A further 15 people have died from the Marburg virus in Angola, taking the death toll to 174 in the world's worst outbreak of the Ebola-like virus.
The World Health Organization says that the virus has now reached the western province of Kuanza Sul - the sixth region to be affected.
The outbreak has killed an unusually high number of the 200 people infected.
A senior WHO official told the AFP news agency that the outbreak would still "get worse before it gets better".
"Everybody should be on alert," said Anarfi Asamoa-Baah, WHO's assistant director general of communicable diseases.

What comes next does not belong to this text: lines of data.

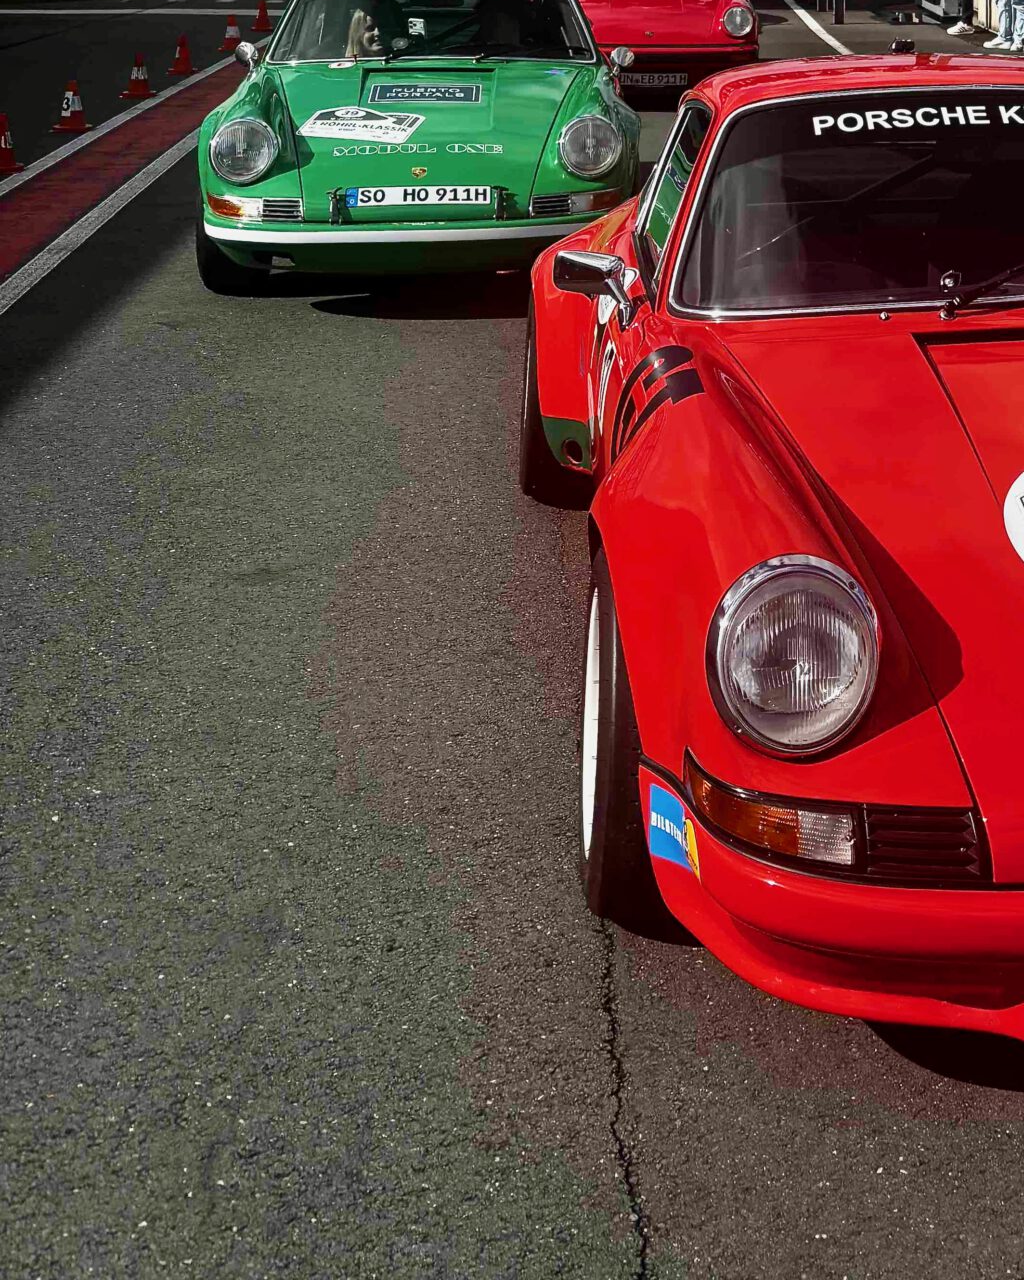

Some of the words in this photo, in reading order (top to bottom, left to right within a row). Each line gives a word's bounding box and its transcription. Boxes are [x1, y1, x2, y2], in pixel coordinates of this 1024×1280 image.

[341, 108, 359, 116] 39
[812, 105, 990, 136] PORSCHE
[446, 143, 503, 154] ONE
[359, 189, 386, 204] SO
[402, 188, 429, 202] HO
[435, 187, 487, 202] 911H

"Not only other provinces in Angola but all its neighbouring countries, the Congo, the Democratic Republic of Congo, Namibia and Zambia."
'Hot zone'
WHO also said that a second portable field laboratory would open shortly in the Angolan capital, Luanda.
One is already open in the province of Uige, where the outbreak started three weeks ago.
Most of those who have died have been children under the age of five.
Early symptoms of Marburg are diarrhoea, stomach pains, nausea and vomiting, which give way to bleeding.
The WHO said most of the Angolan deaths occurred between three and seven days after the onset of symptoms.
Marburg, a severe form of haemorrhagic fever, has no known vaccine or medical treatment.
Until this outbreak, Angola was not considered part of the geographical "hot zone" for Marburg, says the WHO.